Geht man vom Gabentausch als einem fait social total (Marcel Mauss) in dem Sinne aus, daß er nicht nur alle Bereiche der Gesellschaft durchdringt, sondern auch alles umfaßt, was intra- oder interkulturell gegeben, genommen, weitergegeben oder erwidert wird, so erweist sich der Tausch von Dingen (Gaben oder Gütern) nur als besonderer Fall eines allgemeinen Prinzips der Reziprozität, das für die menschliche Gesellschaft schlechterdings kulturstiftend ist.


Schon Aristoteles bezeichnet den „gerechten Tausch“ (Nikomachische Ethik, Buch 5, Kap. 8) in diesem Sinn als Konstituens von Gemeinschaft schlechthin.
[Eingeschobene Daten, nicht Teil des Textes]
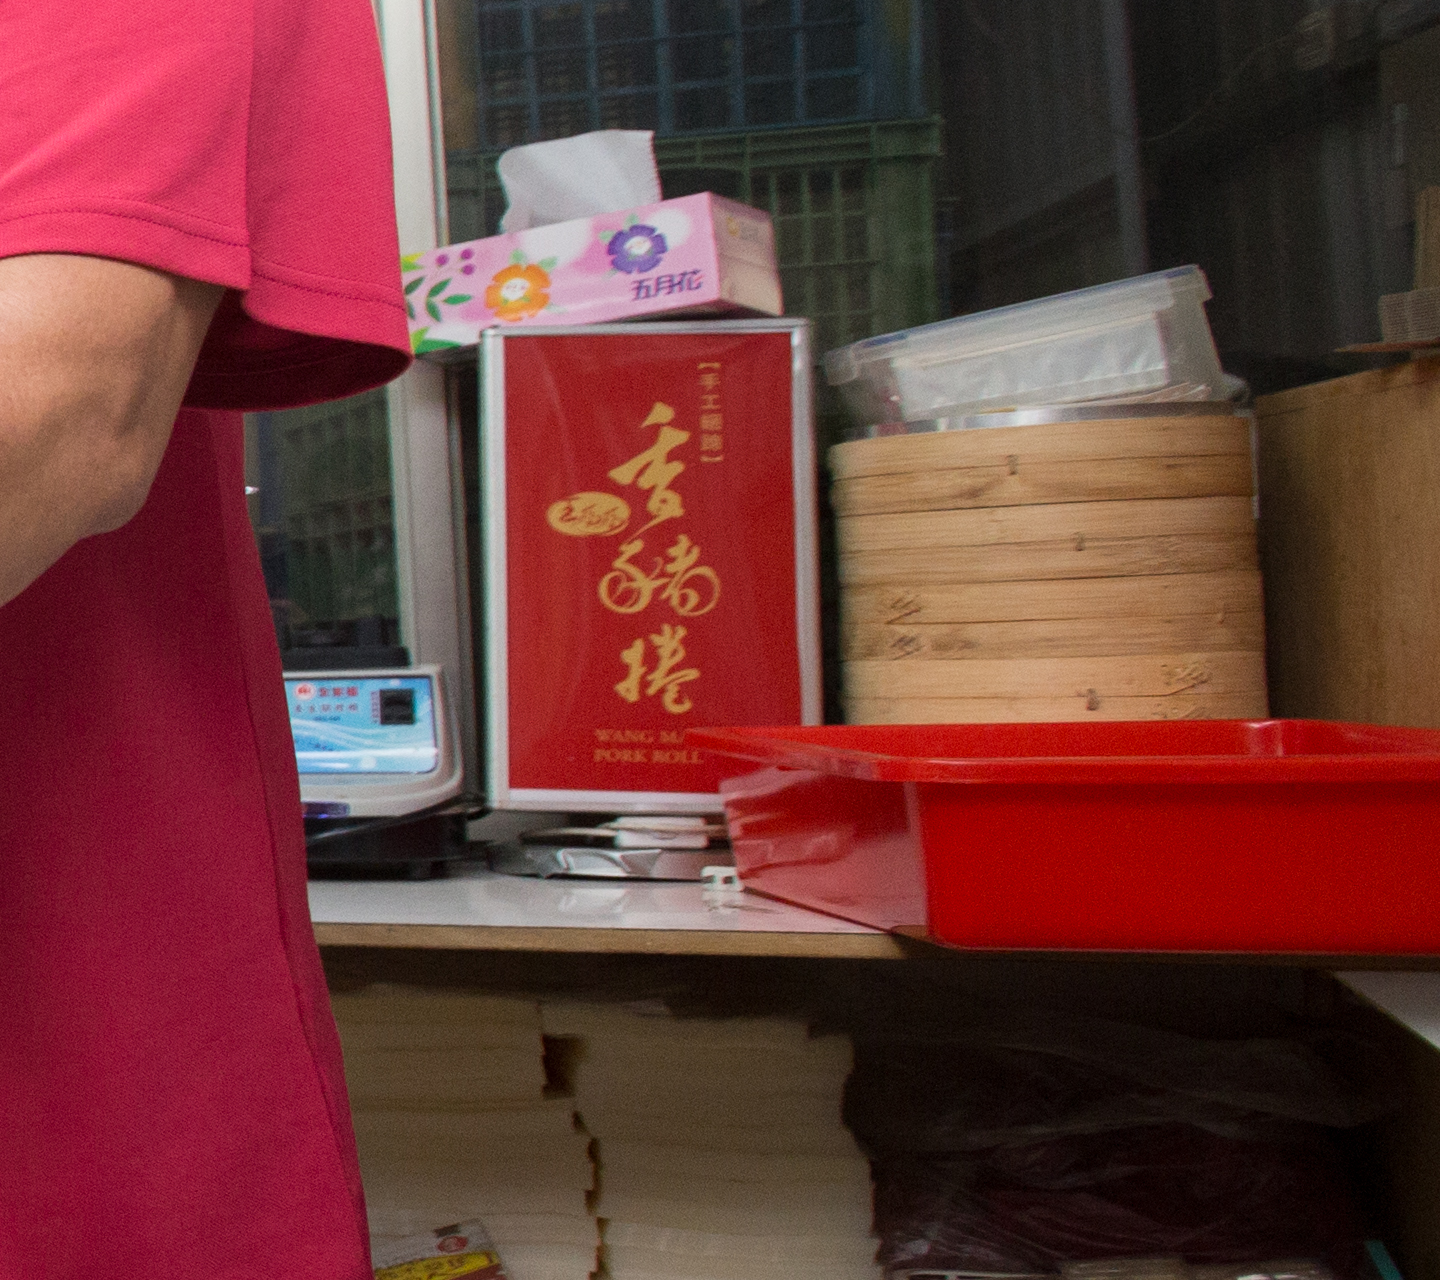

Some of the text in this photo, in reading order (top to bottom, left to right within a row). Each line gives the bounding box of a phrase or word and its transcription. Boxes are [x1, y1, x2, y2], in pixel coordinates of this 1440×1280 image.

[632, 269, 704, 301] 五月花
[593, 748, 705, 765] PORK ROLL
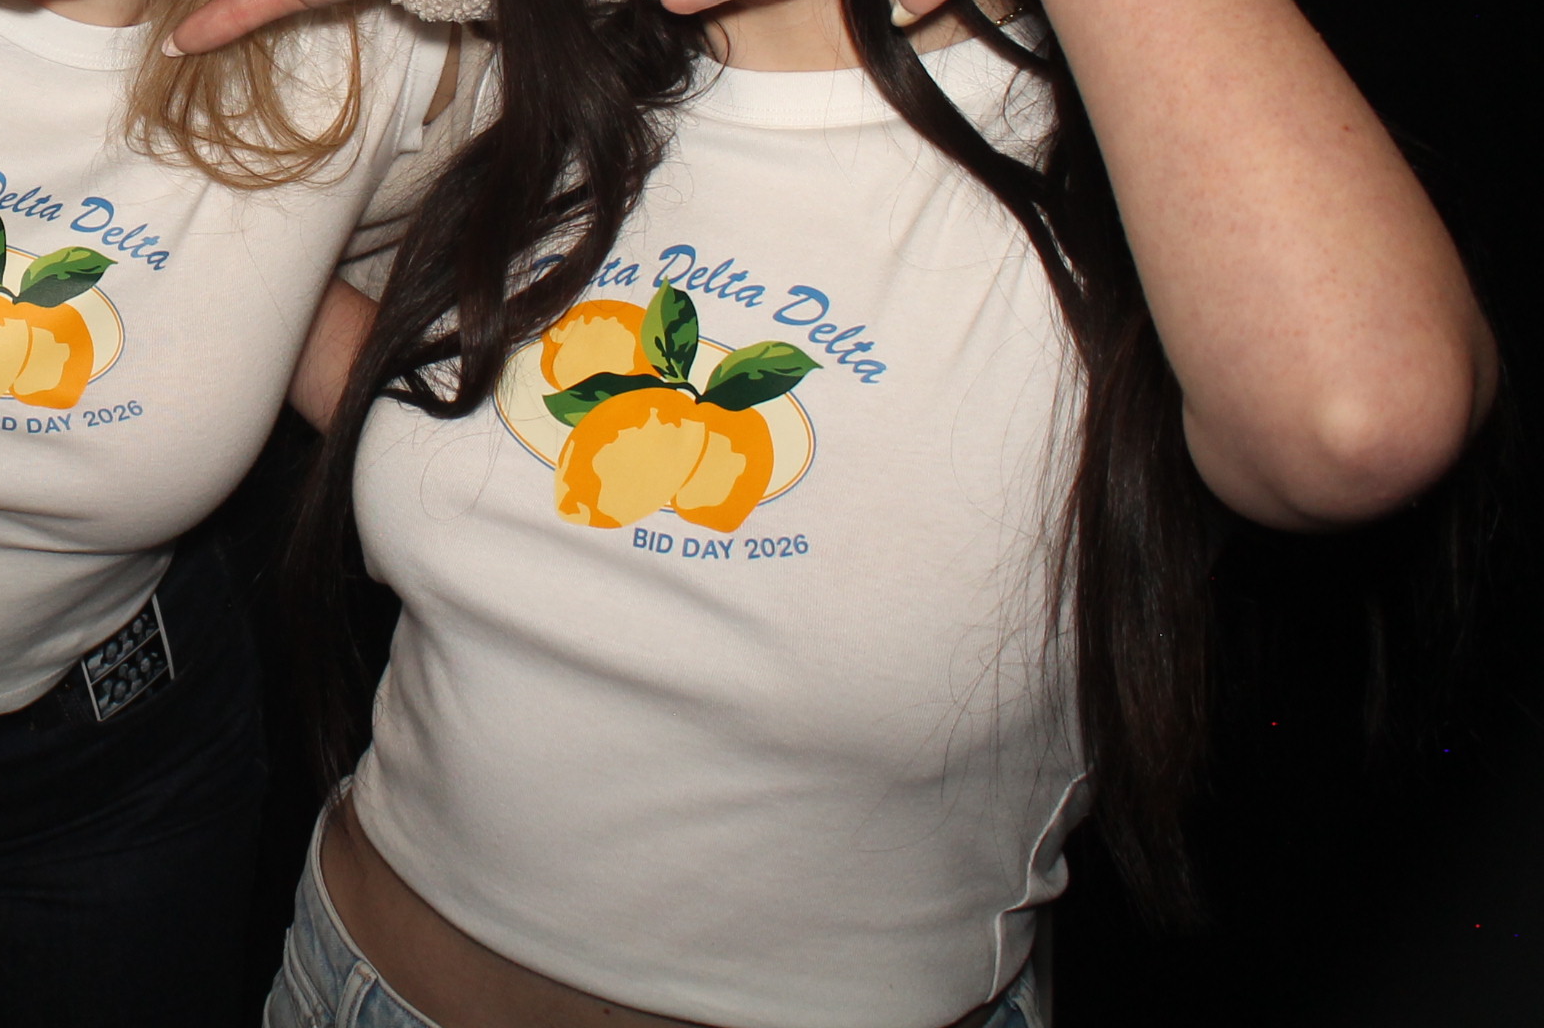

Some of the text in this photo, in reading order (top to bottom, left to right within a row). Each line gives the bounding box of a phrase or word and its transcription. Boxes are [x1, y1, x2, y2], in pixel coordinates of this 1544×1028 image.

[70, 196, 170, 271] Delta
[652, 244, 766, 306] Delta
[773, 285, 888, 384] Delta
[26, 413, 72, 434] DAY
[83, 400, 143, 428] 2026
[633, 527, 809, 559] BID DAY 2026
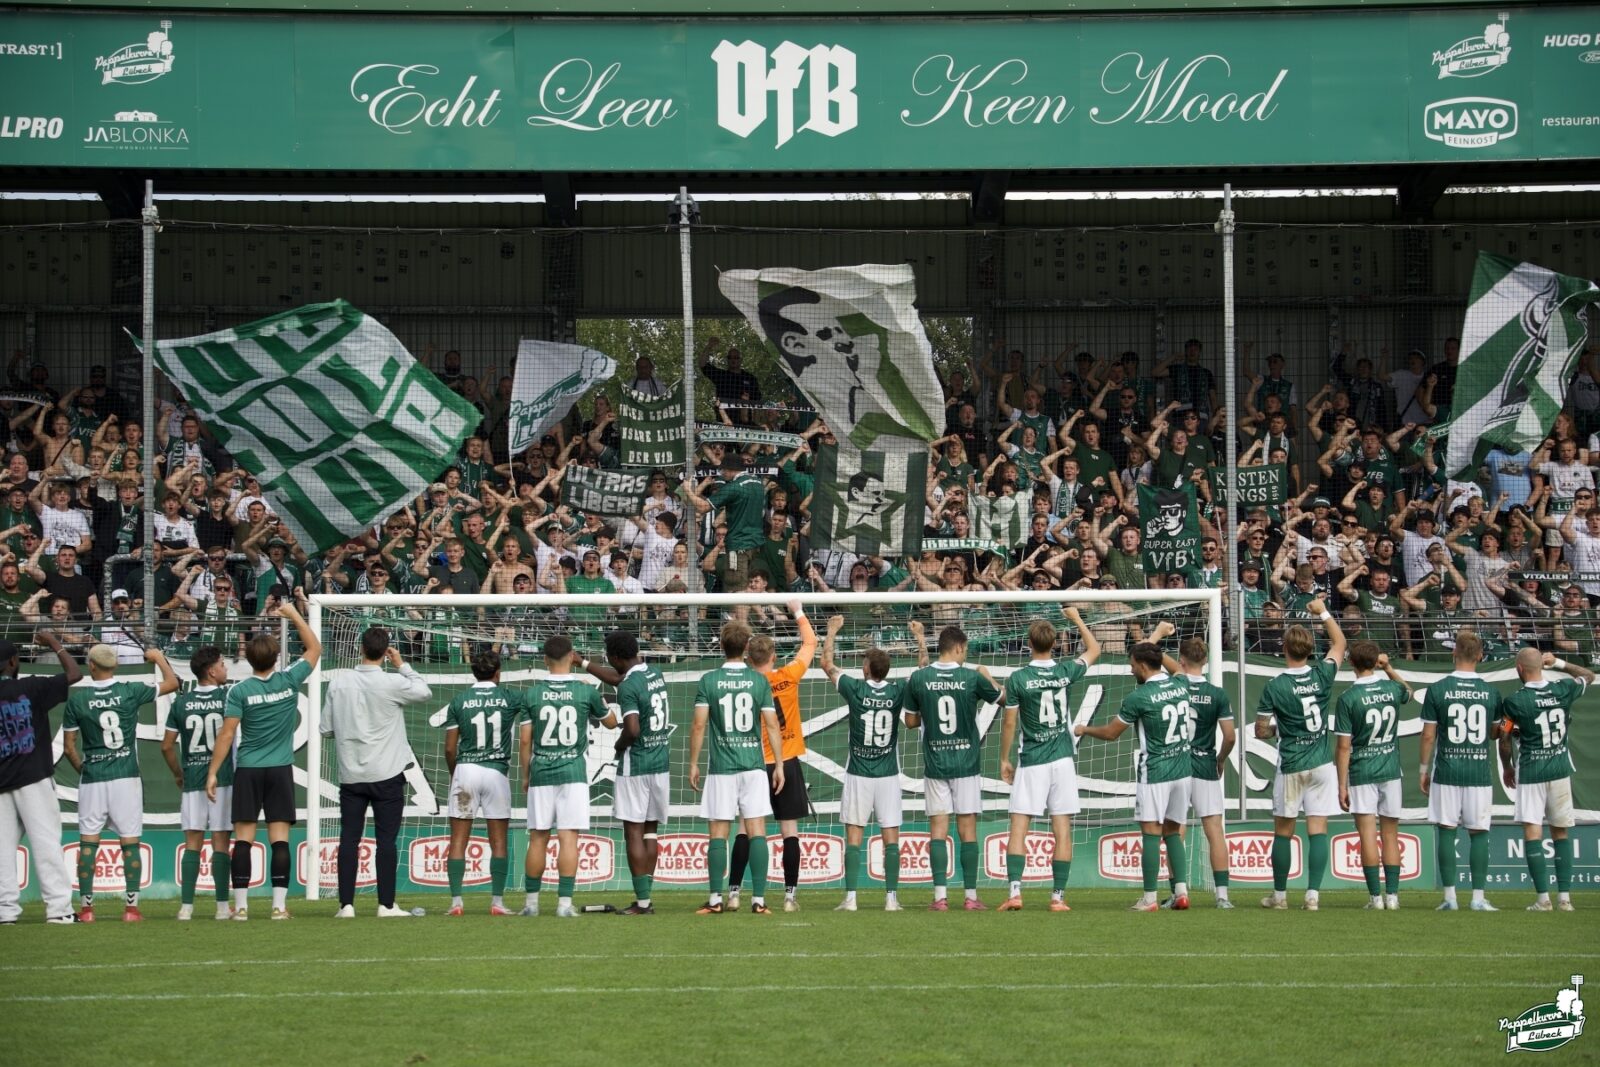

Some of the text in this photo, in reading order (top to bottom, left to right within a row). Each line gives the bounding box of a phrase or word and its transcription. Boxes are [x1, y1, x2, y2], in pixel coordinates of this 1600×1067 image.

[1543, 34, 1590, 47] HUGO
[350, 62, 502, 134] Echt
[711, 39, 858, 149] VfB
[900, 53, 1074, 127] Keen
[1089, 51, 1288, 125] Mood
[1434, 108, 1509, 130] MAYO
[84, 127, 189, 143] JABLONKA
[1448, 136, 1494, 145] FEINKOST
[628, 450, 649, 463] DER
[567, 465, 649, 493] ULTRAS
[1216, 469, 1280, 487] KSTEN
[1143, 537, 1198, 549] SUPER EASY
[717, 680, 754, 690] PHILIPP
[925, 681, 966, 691] VERINAC
[1292, 682, 1320, 696] MENKE
[88, 695, 122, 710] POLAT
[462, 698, 508, 709] ABU ALFA
[542, 691, 573, 701] DEMIR
[862, 698, 893, 708] ISTEFO
[1361, 692, 1394, 706] ULRICH
[1444, 691, 1489, 701] ALBRECHT
[1535, 698, 1561, 708] THIEL
[185, 700, 223, 711] SHIVANI
[718, 692, 753, 733] 18
[1039, 688, 1067, 728] 41
[937, 695, 957, 735] 9
[1300, 696, 1322, 732] 5
[99, 710, 124, 750] 8
[471, 711, 502, 750] 11
[539, 705, 578, 747] 28
[860, 709, 893, 748] 19
[1366, 705, 1396, 746] 22
[1447, 703, 1487, 744] 39
[1534, 708, 1567, 749] 13
[185, 712, 225, 753] 20
[424, 843, 483, 860] MAO
[773, 841, 830, 857] MYO
[999, 839, 1056, 855] MYO
[1228, 839, 1273, 855] MAY
[424, 860, 482, 873] LÜBCK
[772, 857, 830, 870] LECK
[999, 855, 1053, 868] LECK
[1113, 855, 1168, 868] LÜBK
[1229, 855, 1273, 868] LÜBEC
[1459, 872, 1510, 883] Fiest
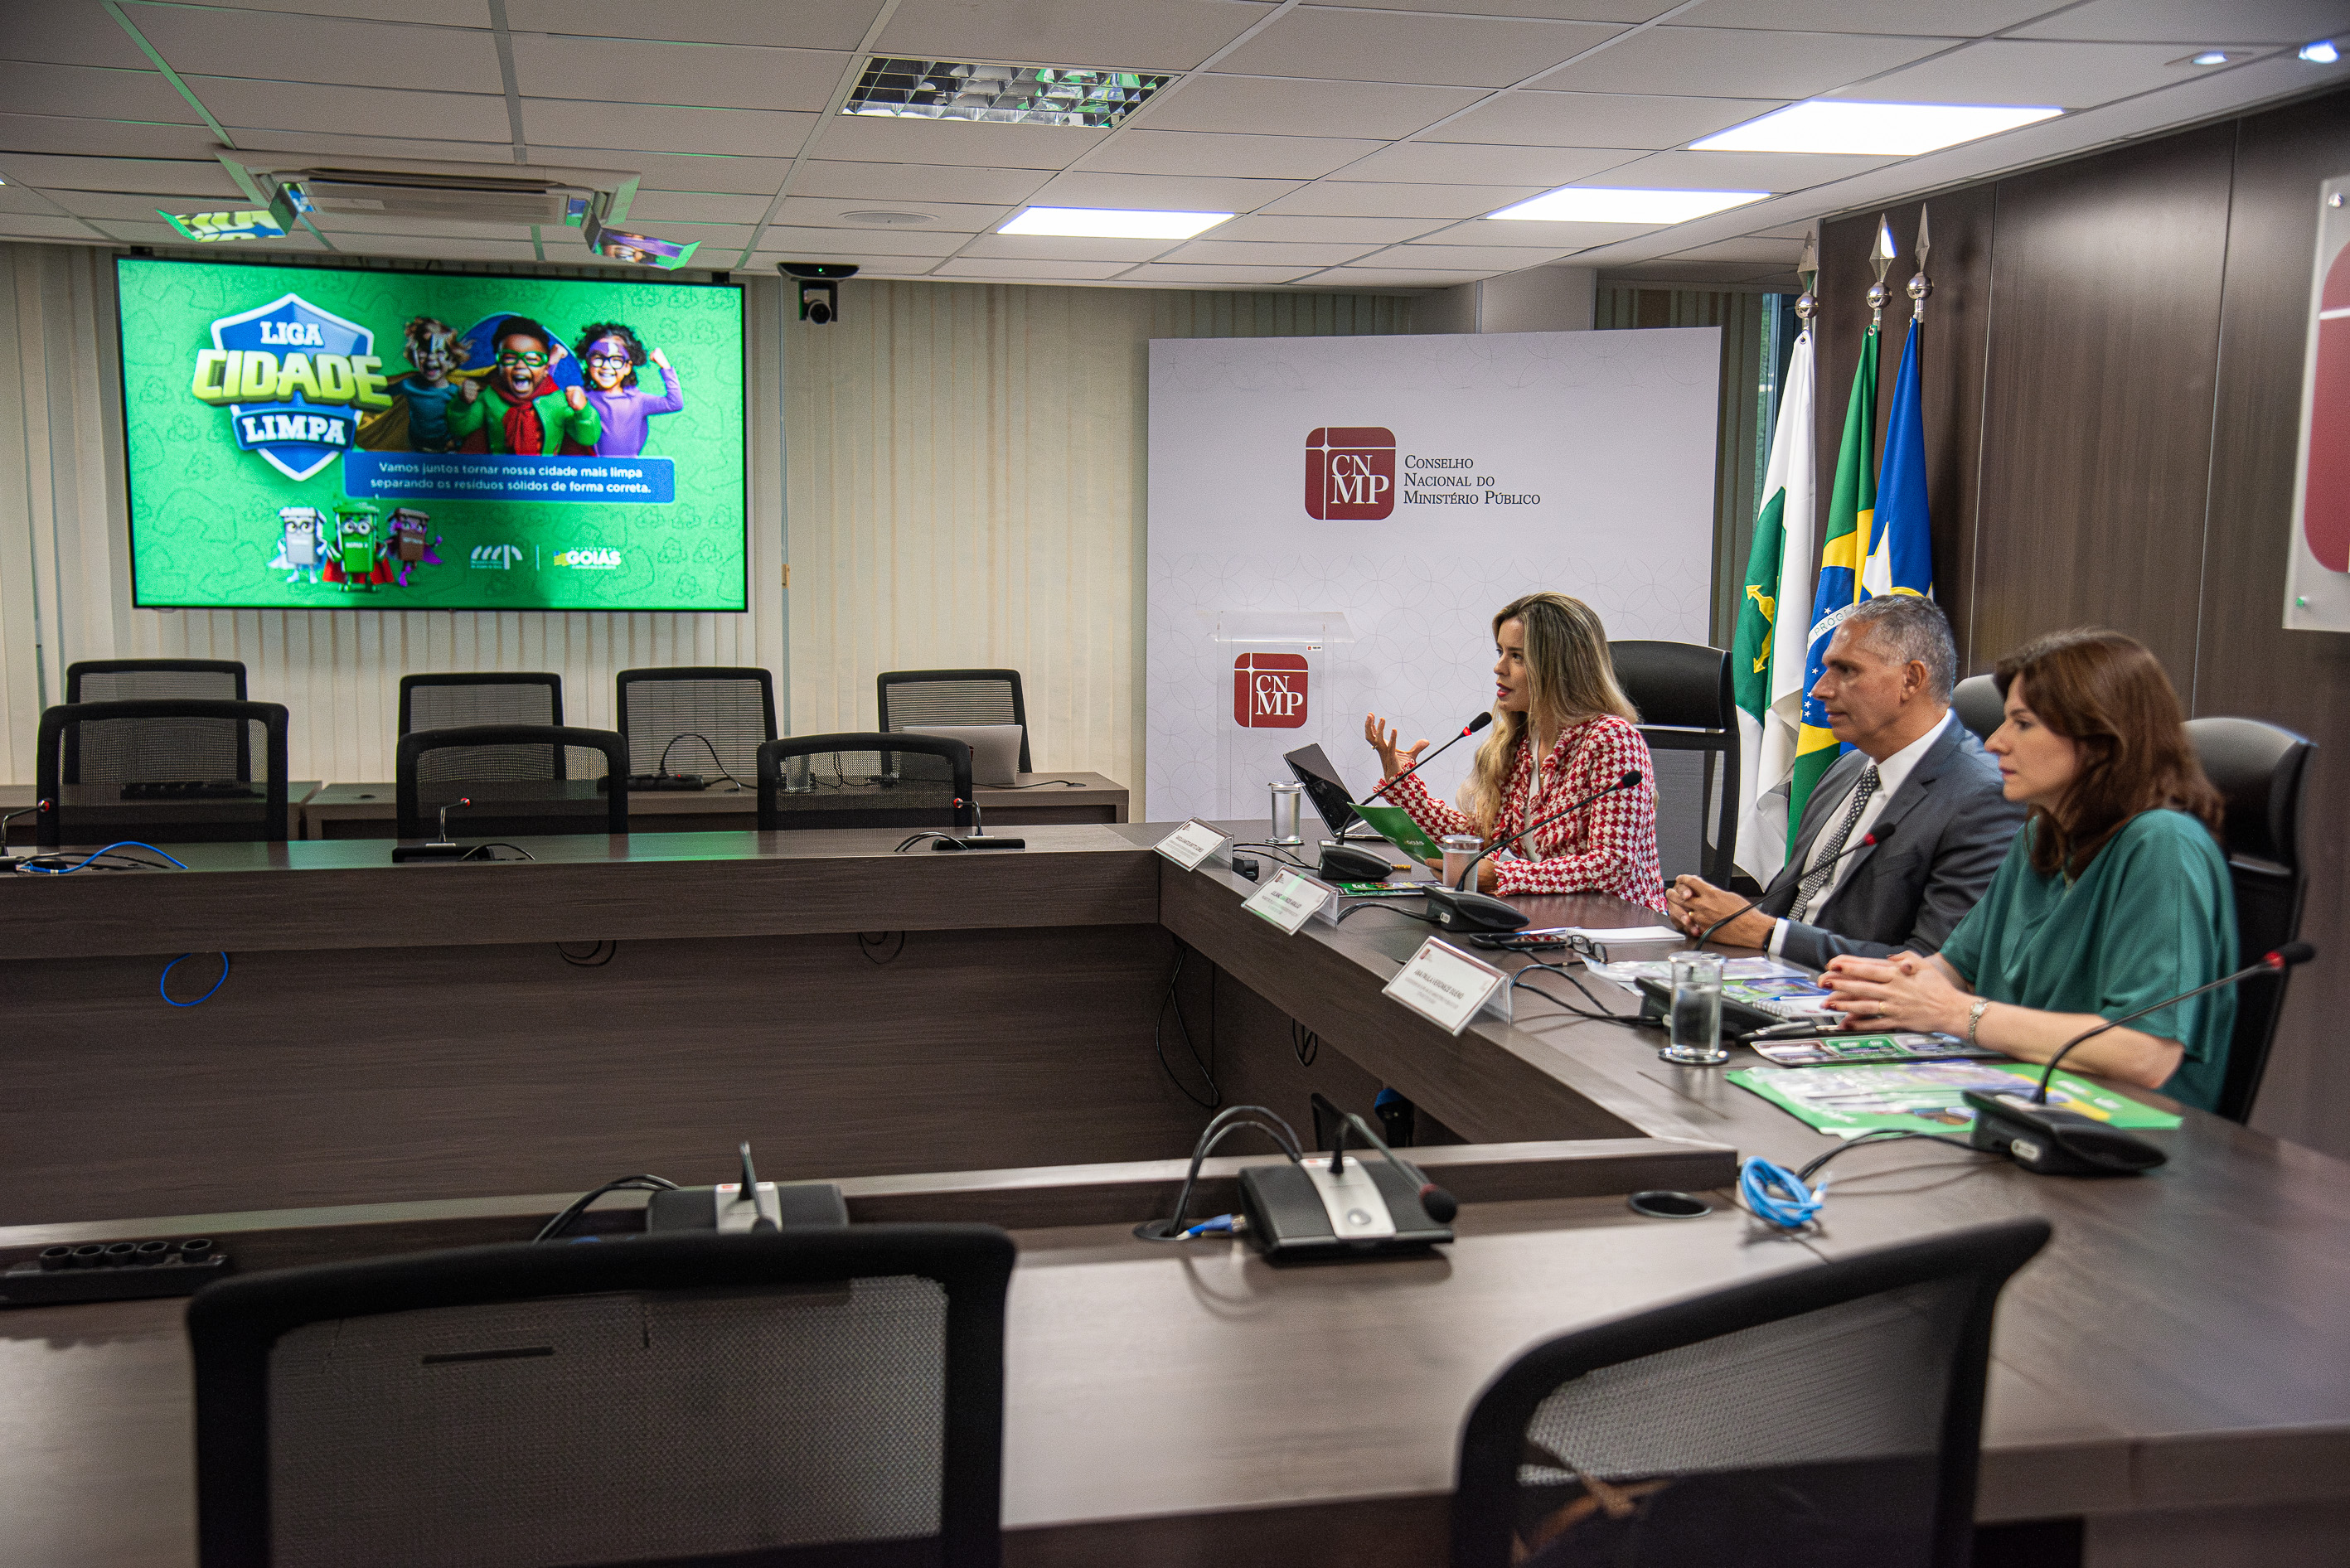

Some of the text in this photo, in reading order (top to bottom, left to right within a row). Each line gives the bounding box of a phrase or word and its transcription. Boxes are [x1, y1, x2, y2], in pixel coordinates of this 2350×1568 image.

[259, 321, 324, 346] LIGA
[191, 348, 394, 410] CIDADE
[241, 414, 346, 445] LIMPA
[378, 461, 643, 480] Vamos juntos tornar nossa cidade mais limpa
[1331, 454, 1374, 478] CN
[370, 477, 652, 495] separando os resíduos sólidos de forma correta.
[1330, 474, 1390, 505] MP
[565, 547, 622, 566] GOIÁS
[1255, 675, 1290, 694] CN
[1255, 691, 1304, 716] MP
Seine Unterscheidung von Oikonomia und Chrematistik (Haushaltungs- und Bereicherungskunst) gründet auf der Annahme, daß die getauschten Dinge zwar unterschiedlich, aber vergleichbar sind, und daß in jedem Tausch das Prinzip einer allgemeinen Äquivalenz der getauschten Werte gewahrt werden muß. („Give me that which I want, and you shall have this which you want“, formuliert entsprechend noch Adam Smith, der Vater der modernen Volkswirtschaftslehre, das Grundprinzip der Tauschgerechtigkeit als Grundlage gesellschaftlicher Integration.)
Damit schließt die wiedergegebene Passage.